--- Source records Enclosed Below ---
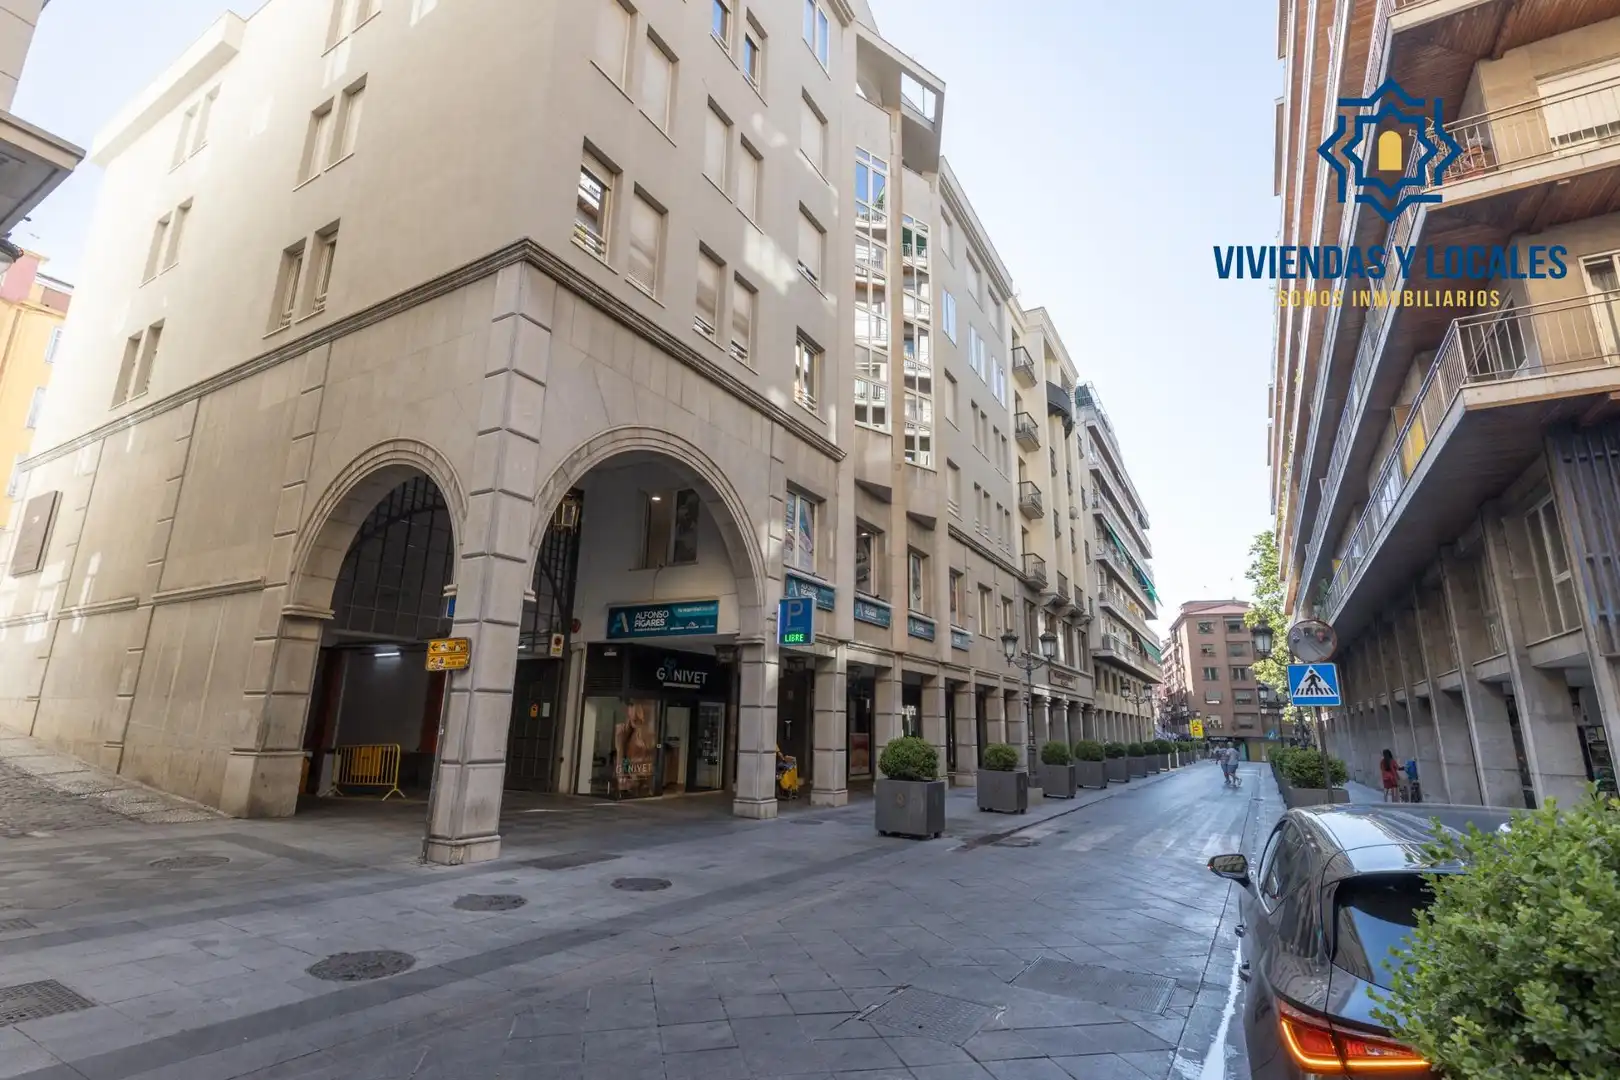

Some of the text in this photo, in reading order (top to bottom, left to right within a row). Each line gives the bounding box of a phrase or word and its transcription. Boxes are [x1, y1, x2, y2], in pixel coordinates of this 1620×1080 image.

[635, 610, 669, 620] ALFONSO
[786, 600, 804, 626] P
[634, 618, 665, 628] FIGARES
[784, 633, 805, 643] LIBRE
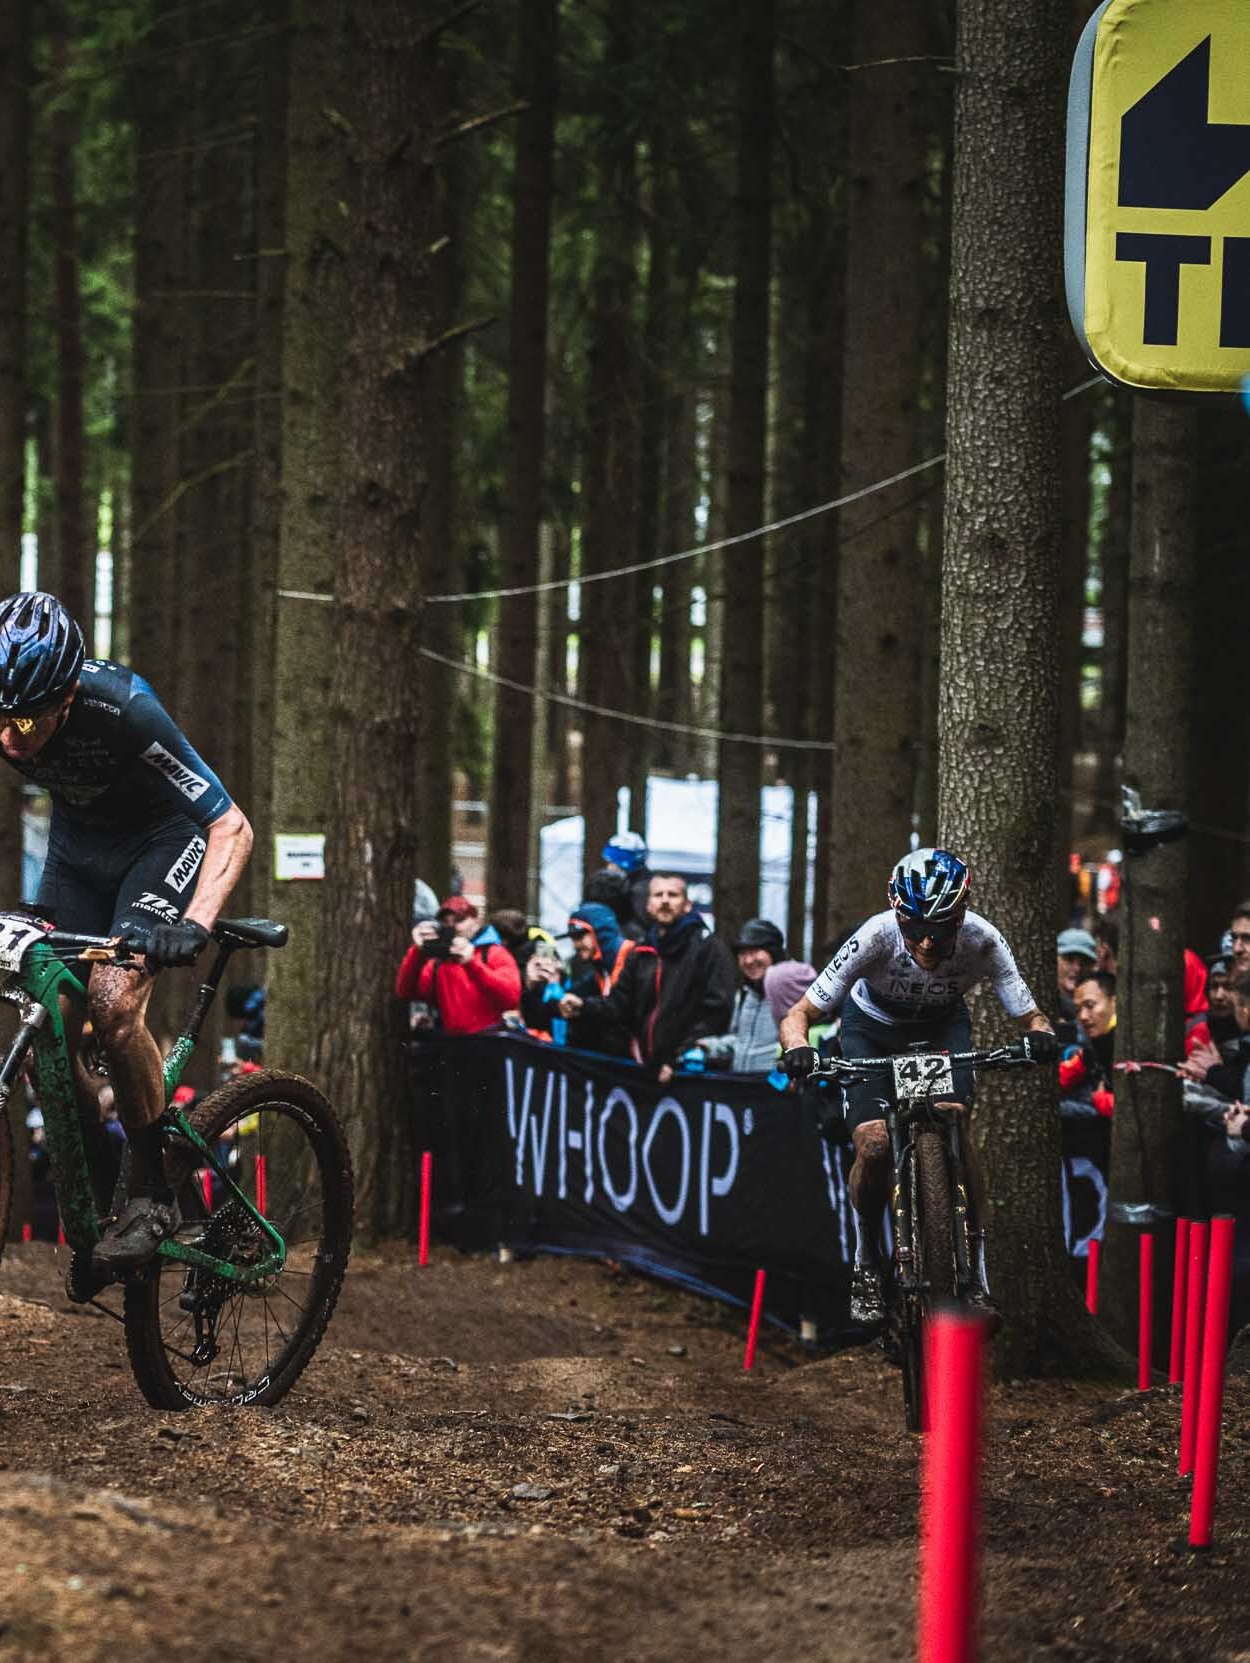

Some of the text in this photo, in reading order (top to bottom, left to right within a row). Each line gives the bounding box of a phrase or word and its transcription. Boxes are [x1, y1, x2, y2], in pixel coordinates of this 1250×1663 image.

[147, 752, 205, 793] MAVIC
[171, 840, 204, 888] MAVIC
[889, 980, 959, 995] INEOS
[899, 1058, 945, 1081] 42
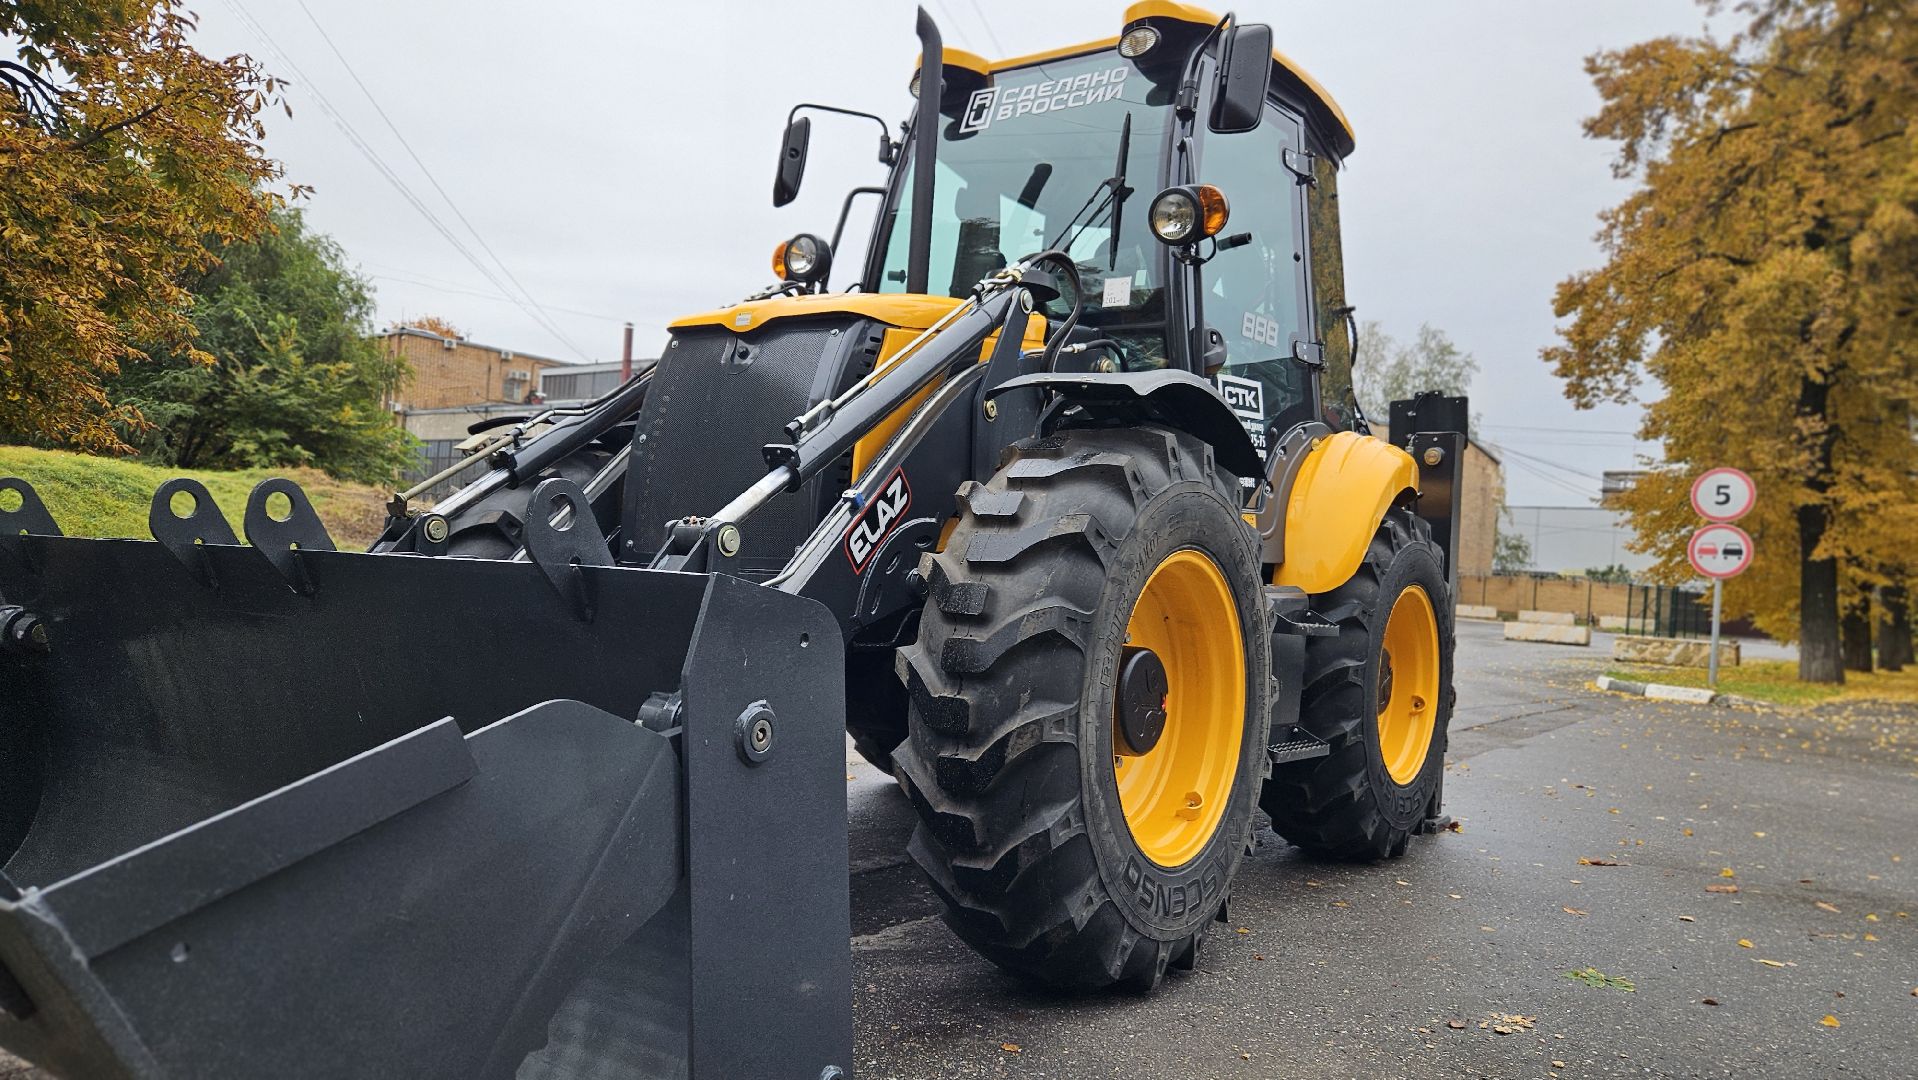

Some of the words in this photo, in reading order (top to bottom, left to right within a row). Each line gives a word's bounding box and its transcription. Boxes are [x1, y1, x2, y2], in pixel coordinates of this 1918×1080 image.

[997, 103, 1014, 121] В
[1016, 82, 1125, 118] РОССИИ
[1001, 66, 1129, 104] СДЕЛАНО
[1714, 484, 1731, 506] 5
[849, 475, 908, 564] ELAZ
[1121, 838, 1231, 920] ASCENSO
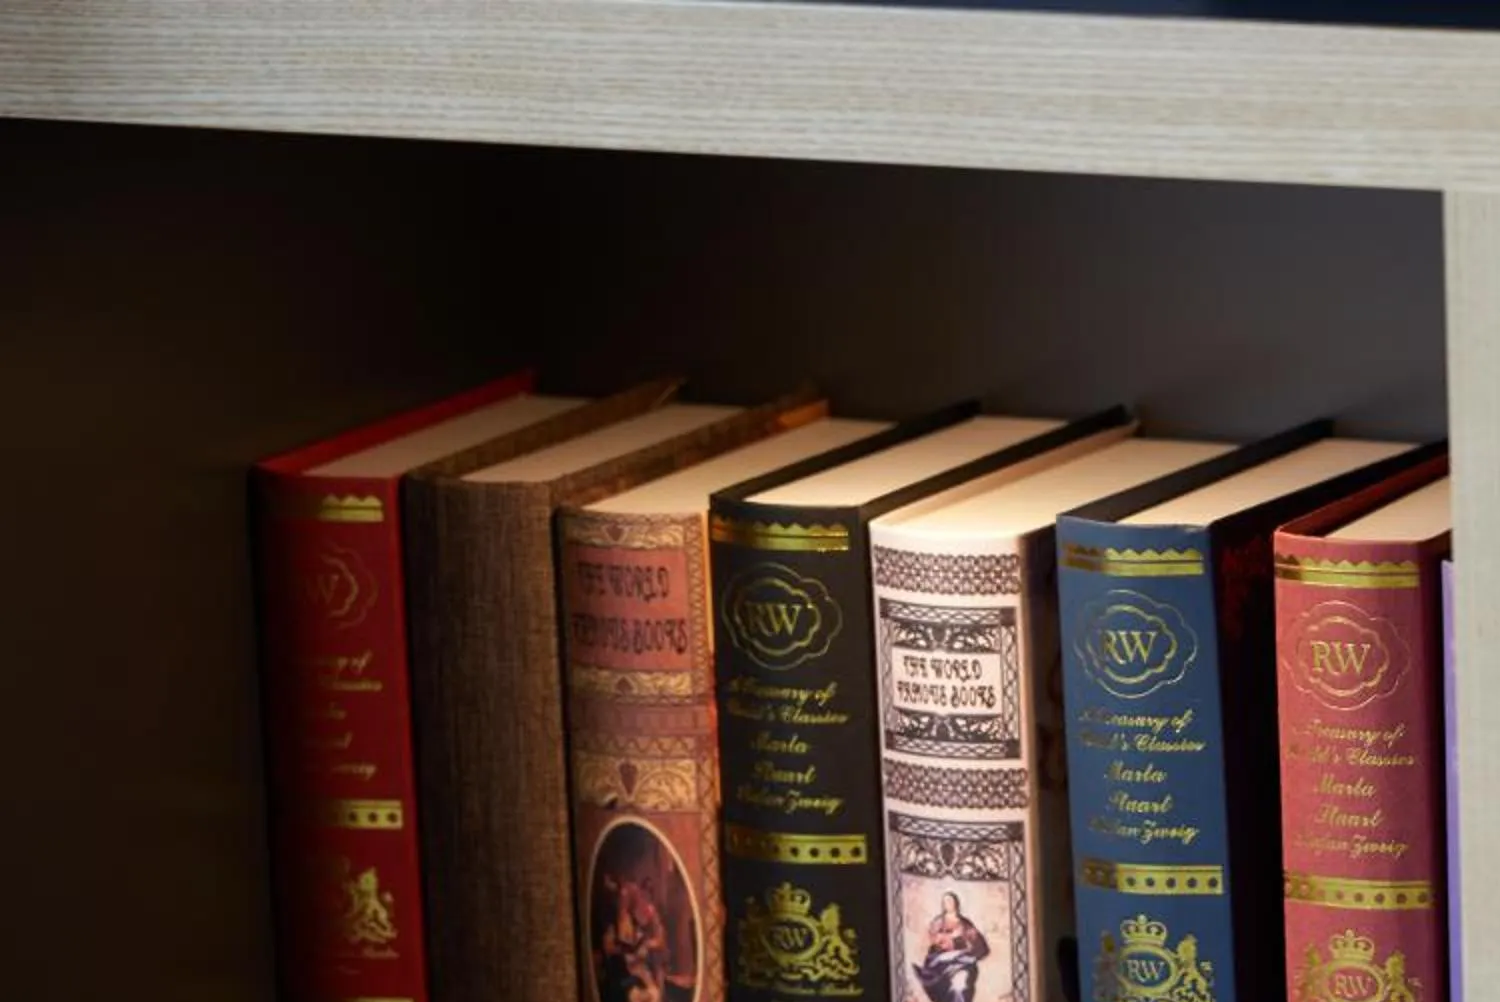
--- End of Enclosed Source records ---
- _Instructions for the task_:
Transcribe each line above verbatim, with the pictures left out.

- _Task answer_:
Some of the text in this photo, in reading order (top to bottom, left to right within a row). Each line gives the bounding box of a phrase or word and its transcription. Boxes are [x1, y1, x2, y2], in pixel coordinates of this 1620×1080 image.

[635, 610, 669, 620] ALFONSO
[786, 600, 804, 626] P
[634, 618, 665, 628] FIGARES
[784, 633, 805, 643] LIBRE

Some of the text in this photo, in reading order (top to bottom, left to right within a row). Each line gives the bounding box of a phrase or word and its transcription. Boxes are [x1, y1, x2, y2], in pixel coordinates of this 1250×1663 image.

[147, 752, 205, 793] MAVIC
[171, 840, 204, 888] MAVIC
[889, 980, 959, 995] INEOS
[899, 1058, 945, 1081] 42

Some of the words in this photo, in reading order (top to bottom, left to right within a row). Each line gives a word's bounding box and its transcription. Boxes are [x1, y1, x2, y2], in pixel coordinates of this 1918×1080 image.

[997, 103, 1014, 121] В
[1016, 82, 1125, 118] РОССИИ
[1001, 66, 1129, 104] СДЕЛАНО
[1714, 484, 1731, 506] 5
[849, 475, 908, 564] ELAZ
[1121, 838, 1231, 920] ASCENSO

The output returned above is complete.